- Opening Delimiter -

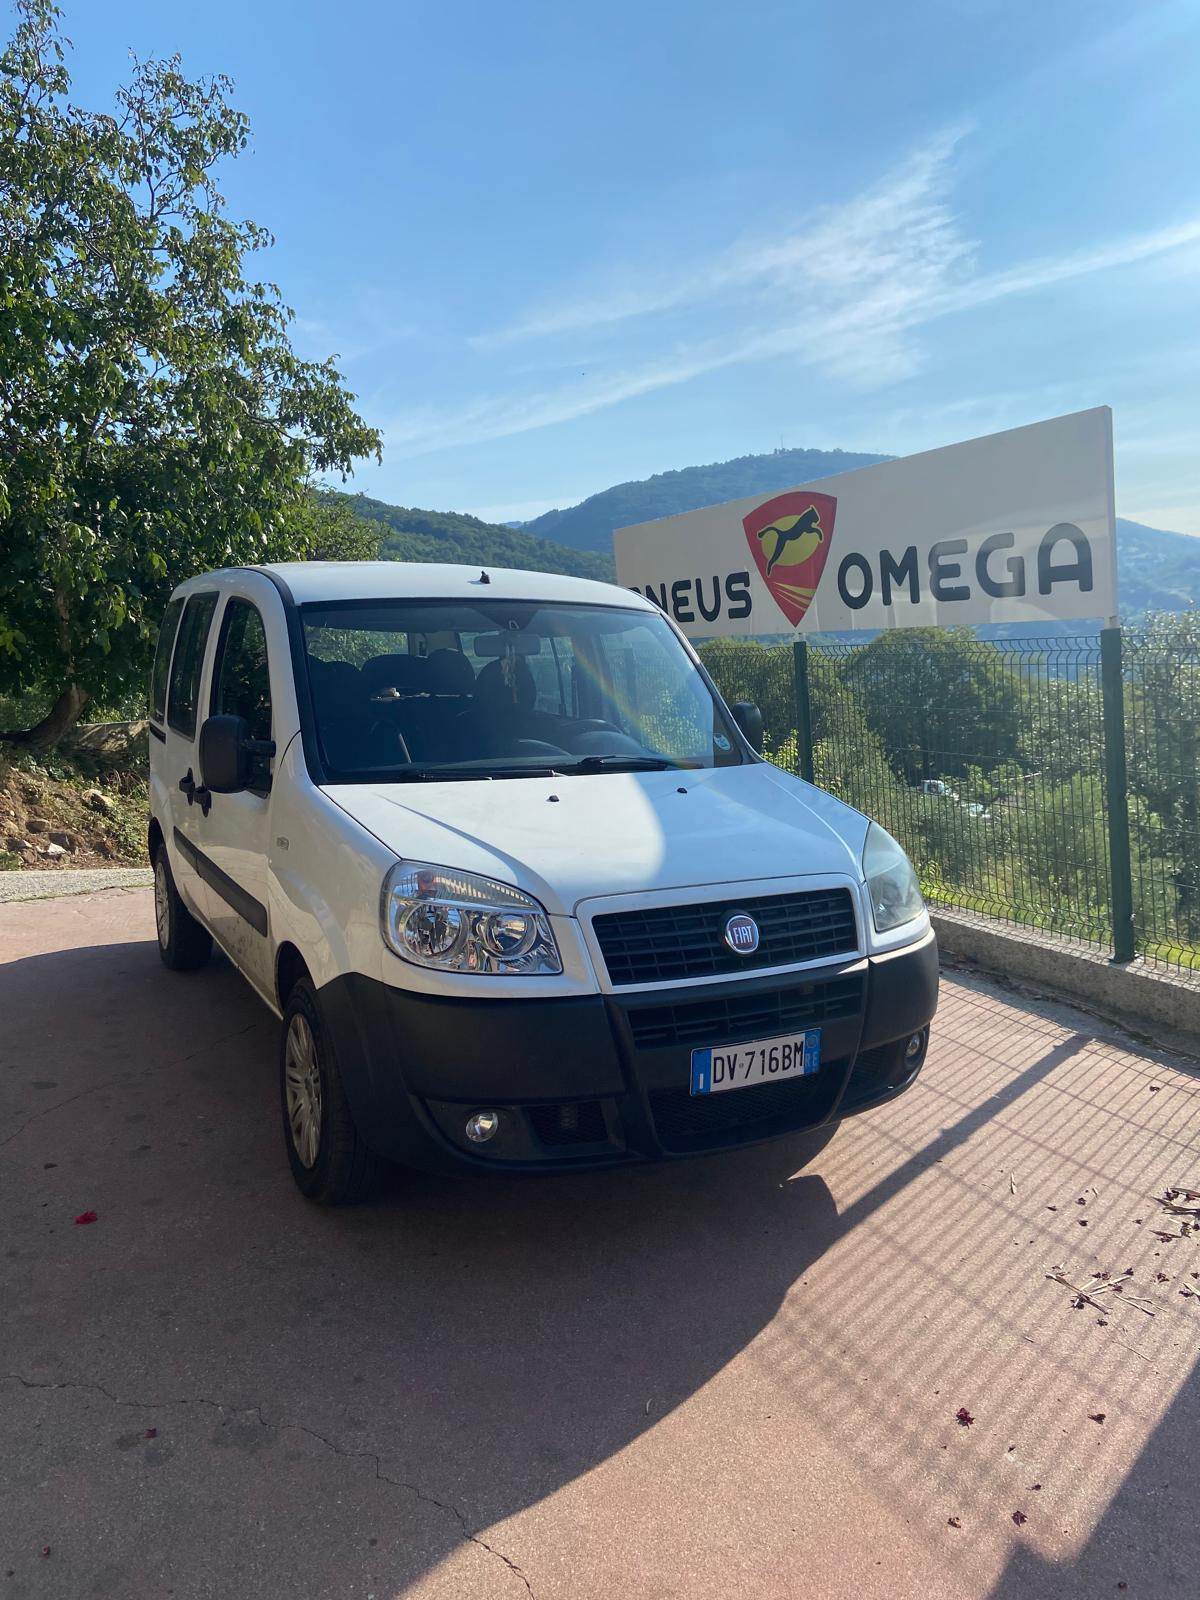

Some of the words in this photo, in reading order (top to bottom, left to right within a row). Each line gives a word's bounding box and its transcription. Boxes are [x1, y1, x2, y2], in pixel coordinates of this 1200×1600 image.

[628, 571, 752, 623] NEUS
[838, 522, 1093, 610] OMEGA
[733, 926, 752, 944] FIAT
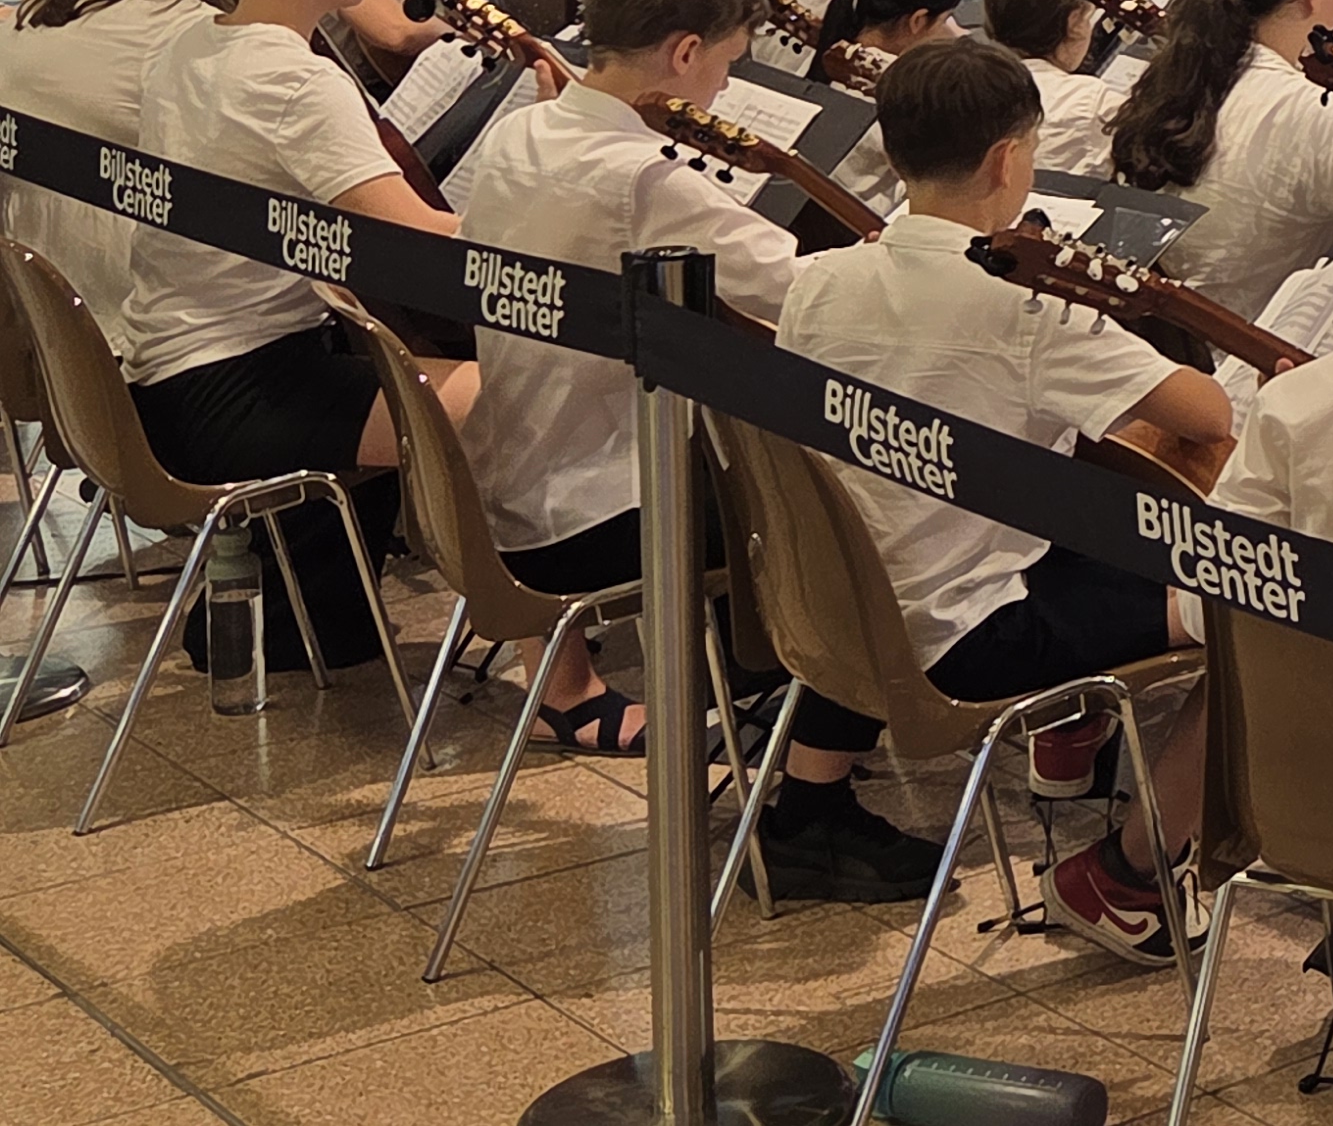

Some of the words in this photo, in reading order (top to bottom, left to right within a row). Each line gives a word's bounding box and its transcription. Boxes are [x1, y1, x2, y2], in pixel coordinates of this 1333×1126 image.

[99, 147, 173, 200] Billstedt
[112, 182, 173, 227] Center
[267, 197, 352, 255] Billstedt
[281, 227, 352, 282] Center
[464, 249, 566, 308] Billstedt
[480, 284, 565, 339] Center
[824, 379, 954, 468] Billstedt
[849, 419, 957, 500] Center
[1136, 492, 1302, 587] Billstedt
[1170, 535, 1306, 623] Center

- Closing Delimiter -

* What you will do
Once the pictures are set aside, repeat each entry exactly as it stands.

* Answer box
Some of the words in this photo, in reading order (top to bottom, left to right within a row). Each line gives a word's bounding box and its transcription. Boxes are [x1, y1, x2, y2], in pixel coordinates of this 1200×1600 image.

[628, 571, 752, 623] NEUS
[838, 522, 1093, 610] OMEGA
[733, 926, 752, 944] FIAT

Some of the words in this photo, in reading order (top to bottom, left to right within a row). Each line gives a word's bounding box and its transcription. Boxes are [x1, y1, x2, y2], in pixel coordinates of this 1333×1126 image.

[99, 147, 173, 200] Billstedt
[112, 182, 173, 227] Center
[267, 197, 352, 255] Billstedt
[281, 227, 352, 282] Center
[464, 249, 566, 308] Billstedt
[480, 284, 565, 339] Center
[824, 379, 954, 468] Billstedt
[849, 419, 957, 500] Center
[1136, 492, 1302, 587] Billstedt
[1170, 535, 1306, 623] Center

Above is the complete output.